Our focus is to maintain a mono-language codebase as possible. This means that we need to build our LSP server with pure Haskell and minimize code in other languages at the same time. For the scope of this project, two routes are explored:

Build the language server as a native binary and communicate with the language extension through TCP. Only minimal amount of JS code is required for the language server extension, which serves as the client.
Build the language server in WASM, and initiate the binary with WASI environment built into VS Code. The support is advertised on VS Code’s blog post, but as far as I know, few language server extension is implemented this way.
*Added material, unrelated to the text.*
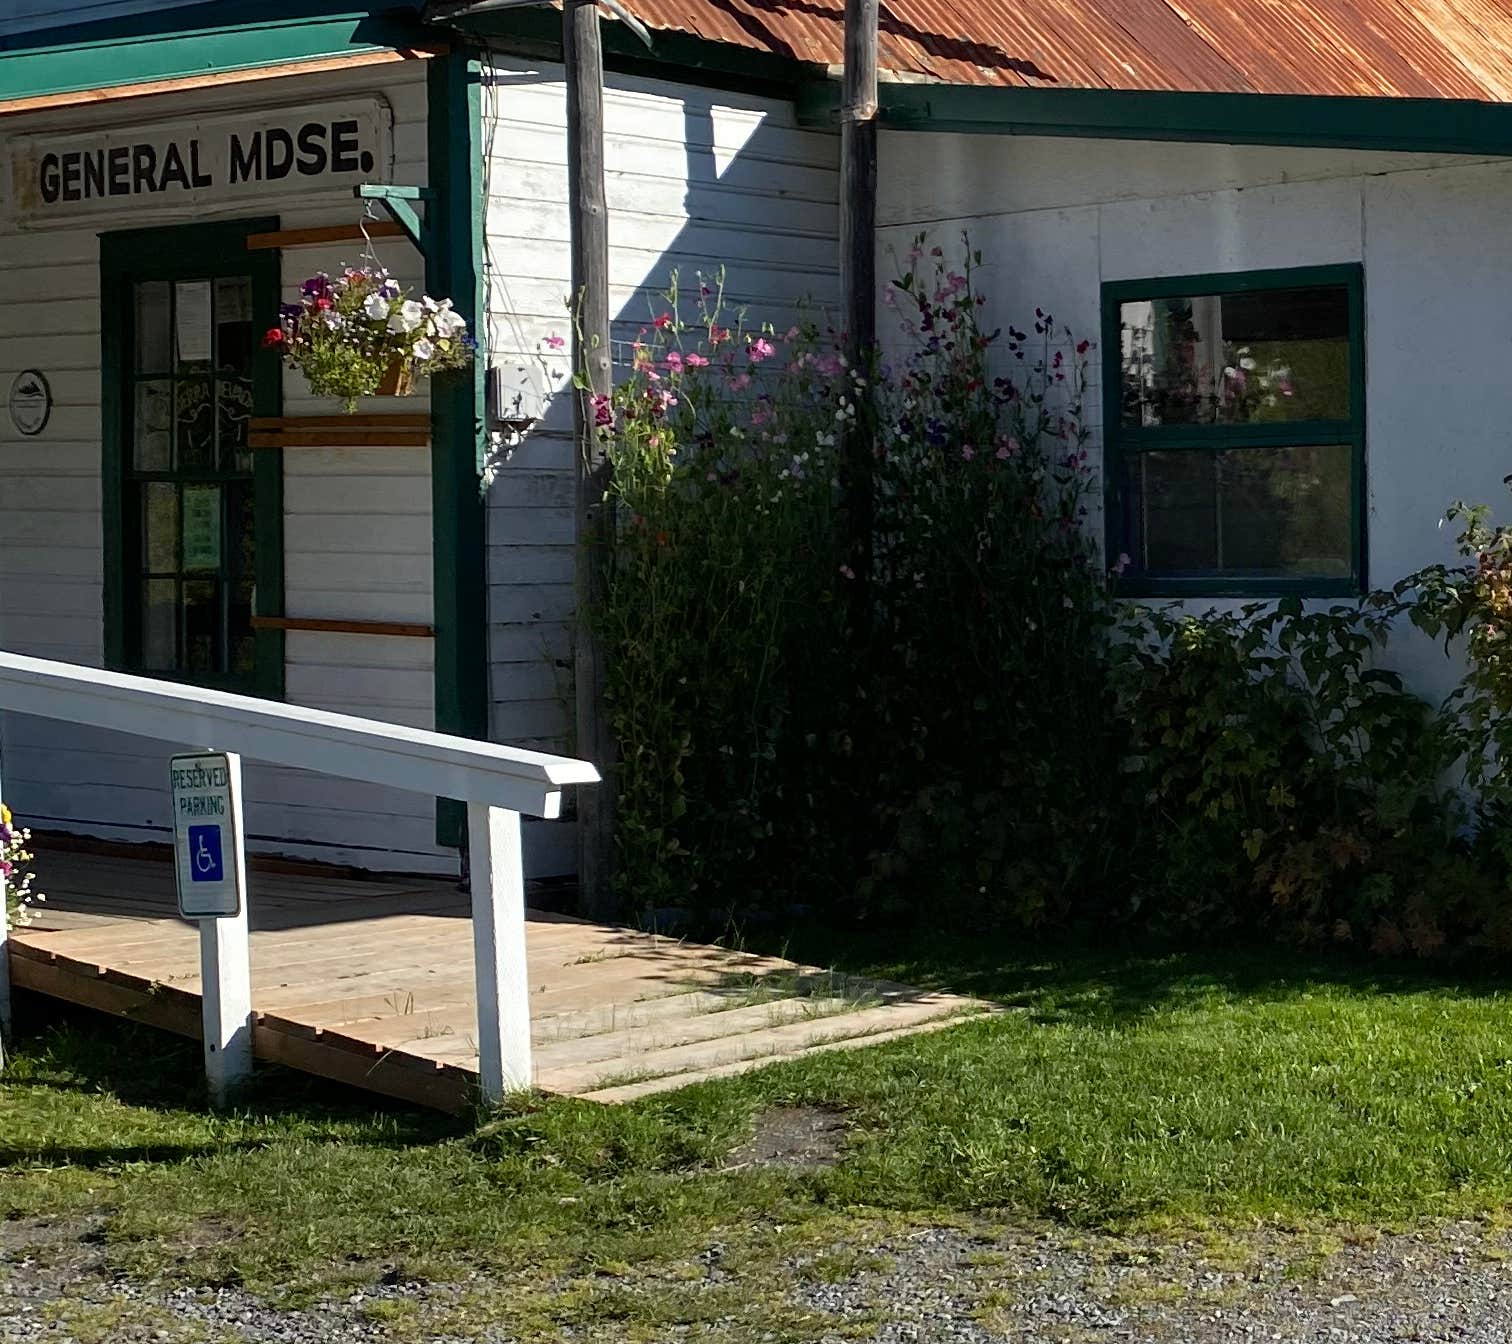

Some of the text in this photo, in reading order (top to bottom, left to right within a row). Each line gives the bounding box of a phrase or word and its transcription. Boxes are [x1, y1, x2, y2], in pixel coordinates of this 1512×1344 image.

Compile Haskell’s lsp package to WASM

Extra work required:

Some dependencies of uuid cannot be built: it turns out that depending on only uuid-types is sufficient as UUIDv4 is all lsp needs.
Bump semirings to master to eliminate some redundant UNIX constants (commit) that cause compile errors.
Convert all TH in lsp-types 😞

List of TH splices

build/generated/Language/LSP/Protocol/Internal/Lens.dump-splices
build/src/Language/LSP/Protocol/Message/Lens.dump-splices
build/src/Language/LSP/Protocol/Message/Method.dump-splices
build/src/Language/LSP/Protocol/Message/Registration.dump-splices
build/src/Language/LSP/Protocol/Message/Types.dump-splices
build/src/Language/LSP/Protocol/Types/Lens.dump-splices
build/src/Language/LSP/VFS.dump-splices

The finished codebase is located at https://github.com/agda-web/lsp/tree/replace-th.

Proof of concept

A simple language server extension for smalltt is built for evaluation. It preforms type checks at each save, and cache the resulting context for future requests. Implemented features are:

If the code fails to type check, a diagnostic message is published to client. Position information is extracted from flatparse if available.
Provides hover popups on top definitions for peeking resolved terms and types. This is done by inspecting the symbol underneath the mouse cursor and querying it from the symbol table.
Provides minimal goto definition support on top definitions.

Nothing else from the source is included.